◆ **The records**:

--

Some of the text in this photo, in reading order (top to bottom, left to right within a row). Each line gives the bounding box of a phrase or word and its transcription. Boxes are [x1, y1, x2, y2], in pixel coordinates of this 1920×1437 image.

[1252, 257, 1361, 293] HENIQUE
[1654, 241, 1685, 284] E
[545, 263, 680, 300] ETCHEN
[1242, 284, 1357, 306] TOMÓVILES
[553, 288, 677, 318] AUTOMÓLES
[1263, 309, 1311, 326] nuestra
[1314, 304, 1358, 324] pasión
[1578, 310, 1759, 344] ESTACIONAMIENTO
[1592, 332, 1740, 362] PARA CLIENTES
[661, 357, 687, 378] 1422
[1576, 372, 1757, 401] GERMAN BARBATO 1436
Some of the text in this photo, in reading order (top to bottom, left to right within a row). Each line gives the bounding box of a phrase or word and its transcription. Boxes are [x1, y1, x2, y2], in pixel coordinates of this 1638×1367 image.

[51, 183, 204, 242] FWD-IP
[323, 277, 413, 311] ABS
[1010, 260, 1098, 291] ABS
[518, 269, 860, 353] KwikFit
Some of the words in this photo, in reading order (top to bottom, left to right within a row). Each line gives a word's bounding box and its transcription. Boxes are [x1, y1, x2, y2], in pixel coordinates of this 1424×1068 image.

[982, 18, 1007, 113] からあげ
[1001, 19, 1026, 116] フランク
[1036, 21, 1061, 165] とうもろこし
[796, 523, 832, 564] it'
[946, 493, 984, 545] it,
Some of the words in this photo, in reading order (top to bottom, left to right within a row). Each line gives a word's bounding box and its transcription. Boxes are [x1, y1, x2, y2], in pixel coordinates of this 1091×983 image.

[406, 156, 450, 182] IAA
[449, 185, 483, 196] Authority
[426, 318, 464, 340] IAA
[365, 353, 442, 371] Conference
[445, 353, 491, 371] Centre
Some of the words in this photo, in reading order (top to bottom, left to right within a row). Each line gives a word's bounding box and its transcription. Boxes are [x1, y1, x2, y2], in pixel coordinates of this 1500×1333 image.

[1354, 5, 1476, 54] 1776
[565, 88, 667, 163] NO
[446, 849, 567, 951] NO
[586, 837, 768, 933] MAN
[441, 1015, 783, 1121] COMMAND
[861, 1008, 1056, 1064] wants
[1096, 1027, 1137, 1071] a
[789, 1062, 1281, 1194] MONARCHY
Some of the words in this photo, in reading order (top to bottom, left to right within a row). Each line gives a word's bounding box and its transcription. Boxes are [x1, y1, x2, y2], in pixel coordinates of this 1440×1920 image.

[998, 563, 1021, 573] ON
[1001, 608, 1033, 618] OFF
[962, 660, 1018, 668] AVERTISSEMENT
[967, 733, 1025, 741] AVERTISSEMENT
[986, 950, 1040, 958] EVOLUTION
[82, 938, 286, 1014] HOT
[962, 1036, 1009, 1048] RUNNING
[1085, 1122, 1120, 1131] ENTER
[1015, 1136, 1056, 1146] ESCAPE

--

◆ **Aim of the task**: Word for word, transcribe the data shown above.

◆ **Problem solution**:
Some of the text in this photo, in reading order (top to bottom, left to right within a row). Each line gives the bounding box of a phrase or word and its transcription. Boxes are [x1, y1, x2, y2], in pixel coordinates of this 1920×1437 image.

[1252, 257, 1361, 293] HENIQUE
[1654, 241, 1685, 284] E
[545, 263, 680, 300] ETCHEN
[1242, 284, 1357, 306] TOMÓVILES
[553, 288, 677, 318] AUTOMÓLES
[1263, 309, 1311, 326] nuestra
[1314, 304, 1358, 324] pasión
[1578, 310, 1759, 344] ESTACIONAMIENTO
[1592, 332, 1740, 362] PARA CLIENTES
[661, 357, 687, 378] 1422
[1576, 372, 1757, 401] GERMAN BARBATO 1436
Some of the text in this photo, in reading order (top to bottom, left to right within a row). Each line gives the bounding box of a phrase or word and its transcription. Boxes are [x1, y1, x2, y2], in pixel coordinates of this 1638×1367 image.

[51, 183, 204, 242] FWD-IP
[323, 277, 413, 311] ABS
[1010, 260, 1098, 291] ABS
[518, 269, 860, 353] KwikFit
Some of the words in this photo, in reading order (top to bottom, left to right within a row). Each line gives a word's bounding box and its transcription. Boxes are [x1, y1, x2, y2], in pixel coordinates of this 1424×1068 image.

[982, 18, 1007, 113] からあげ
[1001, 19, 1026, 116] フランク
[1036, 21, 1061, 165] とうもろこし
[796, 523, 832, 564] it'
[946, 493, 984, 545] it,
Some of the words in this photo, in reading order (top to bottom, left to right within a row). Each line gives a word's bounding box and its transcription. Boxes are [x1, y1, x2, y2], in pixel coordinates of this 1091×983 image.

[406, 156, 450, 182] IAA
[449, 185, 483, 196] Authority
[426, 318, 464, 340] IAA
[365, 353, 442, 371] Conference
[445, 353, 491, 371] Centre
Some of the words in this photo, in reading order (top to bottom, left to right within a row). Each line gives a word's bounding box and its transcription. Boxes are [x1, y1, x2, y2], in pixel coordinates of this 1500×1333 image.

[1354, 5, 1476, 54] 1776
[565, 88, 667, 163] NO
[446, 849, 567, 951] NO
[586, 837, 768, 933] MAN
[441, 1015, 783, 1121] COMMAND
[861, 1008, 1056, 1064] wants
[1096, 1027, 1137, 1071] a
[789, 1062, 1281, 1194] MONARCHY
Some of the words in this photo, in reading order (top to bottom, left to right within a row). Each line gives a word's bounding box and its transcription. Boxes are [x1, y1, x2, y2], in pixel coordinates of this 1440×1920 image.

[998, 563, 1021, 573] ON
[1001, 608, 1033, 618] OFF
[962, 660, 1018, 668] AVERTISSEMENT
[967, 733, 1025, 741] AVERTISSEMENT
[986, 950, 1040, 958] EVOLUTION
[82, 938, 286, 1014] HOT
[962, 1036, 1009, 1048] RUNNING
[1085, 1122, 1120, 1131] ENTER
[1015, 1136, 1056, 1146] ESCAPE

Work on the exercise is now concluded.